Все было по–прежнему: силуэт города, дома на набережной над пологим склоном. Белые и красные балахоны, сломавшие строй и очутившиеся у воды, вокруг рыцаря, похожего на шишку.

Рыцарь вошел в воду.

«Утонет, — подумала Лена уверенно, — этот придурок утонет, как топор, из–за меня!»

Нет, парень, изображавший шишкорыцаря, был где–то даже симпатичным. Не таким одуряюще–притягательным, как господин Остин, но Лена поплавала бы с ним при других обстоятельствах, и если бы ему хватило ума снять доспехи! Черт!

— Черт! — рявкнула раздражительная Лена и рванула к берегу со всей мочи.

Но несколько секунд спустя она поняла, что парень «в чешуе как жар горя» прилично держится на плаву. Причем доспехи ему не только не мешают, наоборот, выходило, что они работают как спасательный жилет.

Вскоре забавный поплавок, неуклюже загребающий руками, был уже рядом с ней. Он начал нести какую–то восторженную невнятицу. Но перед глазами Лены настойчиво вставал запечатленный образ жуткого гиганта в медвежьей шкуре с огнем в глазах.

Лена совершенно растерялась и безропотно позволила вынести себя на руках из воды. Парнишке было тяжело. Он шумно дышал и отдувался. Толстые пластины чешуи впивались Лене в тело, но она была почему–то счастлива. Так, словно нащупала ногой тот самый путь предназначения, о котором говорил Флай. И этот путь был радостным.

В совершенном смятении она была передана Флаю с рук на руки. Потрясенная и восторженная, словно охваченная мистическим экстазом, толпа стояла поодаль.

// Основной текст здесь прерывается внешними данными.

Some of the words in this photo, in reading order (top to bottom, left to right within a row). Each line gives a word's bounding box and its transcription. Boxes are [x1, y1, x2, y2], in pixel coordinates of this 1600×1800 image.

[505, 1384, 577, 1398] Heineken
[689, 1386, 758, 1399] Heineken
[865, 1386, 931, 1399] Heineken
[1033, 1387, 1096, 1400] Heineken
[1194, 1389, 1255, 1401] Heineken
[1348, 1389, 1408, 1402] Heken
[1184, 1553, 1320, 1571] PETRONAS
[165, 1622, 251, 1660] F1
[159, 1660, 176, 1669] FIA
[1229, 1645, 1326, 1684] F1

В просветах толпы топорщили вверх ножки опрокинутые столики и стульчики.

— У тебя конфетки нет? — прошептала Лена, уткнувшись лицом в теплую и мягкую шерсть его костюма.

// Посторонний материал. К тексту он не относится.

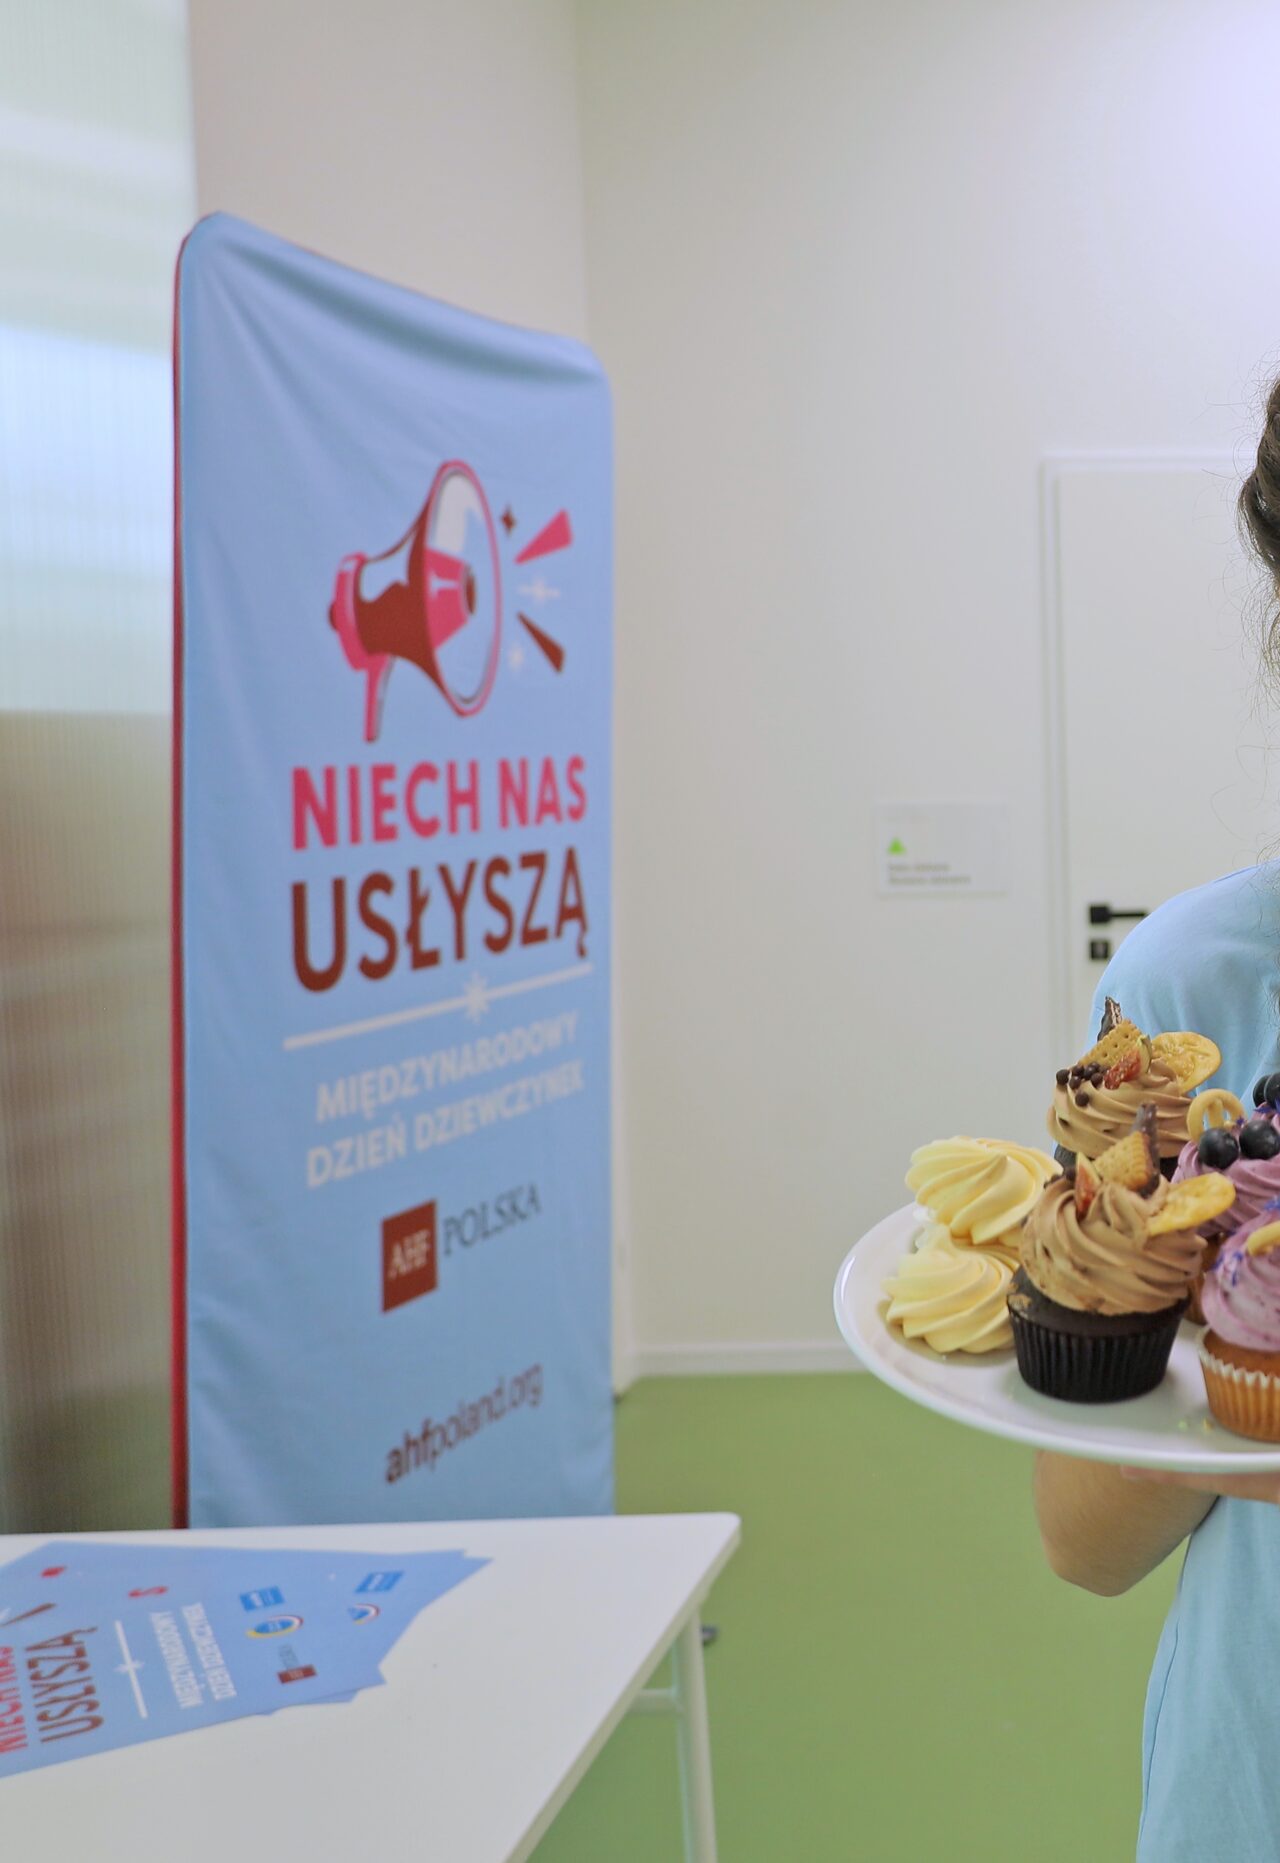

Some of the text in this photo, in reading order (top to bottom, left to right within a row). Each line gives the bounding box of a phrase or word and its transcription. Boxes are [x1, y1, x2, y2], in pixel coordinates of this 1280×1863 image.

Кажется, она сказала это по–русски. Но Флай понял ее. Сунул твердыми пальцами ей в холодные соленые губы леденец.

Затем он быстро, как маленького ребенка, одел ее.

Кликнул на набережной извозчика.

Полусонная Лена была усажена в бричку с поднятым верхом, и большие колеса зарокотали по брусчатке.

«Меня снова везут куда–то во сне», — подумала Лена, и ее сознание померкло, провалилось в блаженный, светлый сон.

Там были пингвины и воробьи, которые делили рыбу на берегу.

* * *

Утро сыщика Кантора началось рано.

В тот миг, когда безобразный Шмидт смежил веки и Ждущая наречения повлекла его в темные глубины сна без сновидений, антаер открыл глаза и сразу, окончательно проснулся.

Илзэ спала на животе, неприкрытая… Кантор взглянул на нее, сразу как проснулся. А она, будто почуяв его взгляд, сделала во сне вялое, но требовательное движение рукой, коснулась его могучего плеча и, убедившись, что он подле, порывисто вздохнула, счастливая, и отдалась течению реки по пути к Богине Мун, сверкающей грезами на глади, подвластной Озерной Деве.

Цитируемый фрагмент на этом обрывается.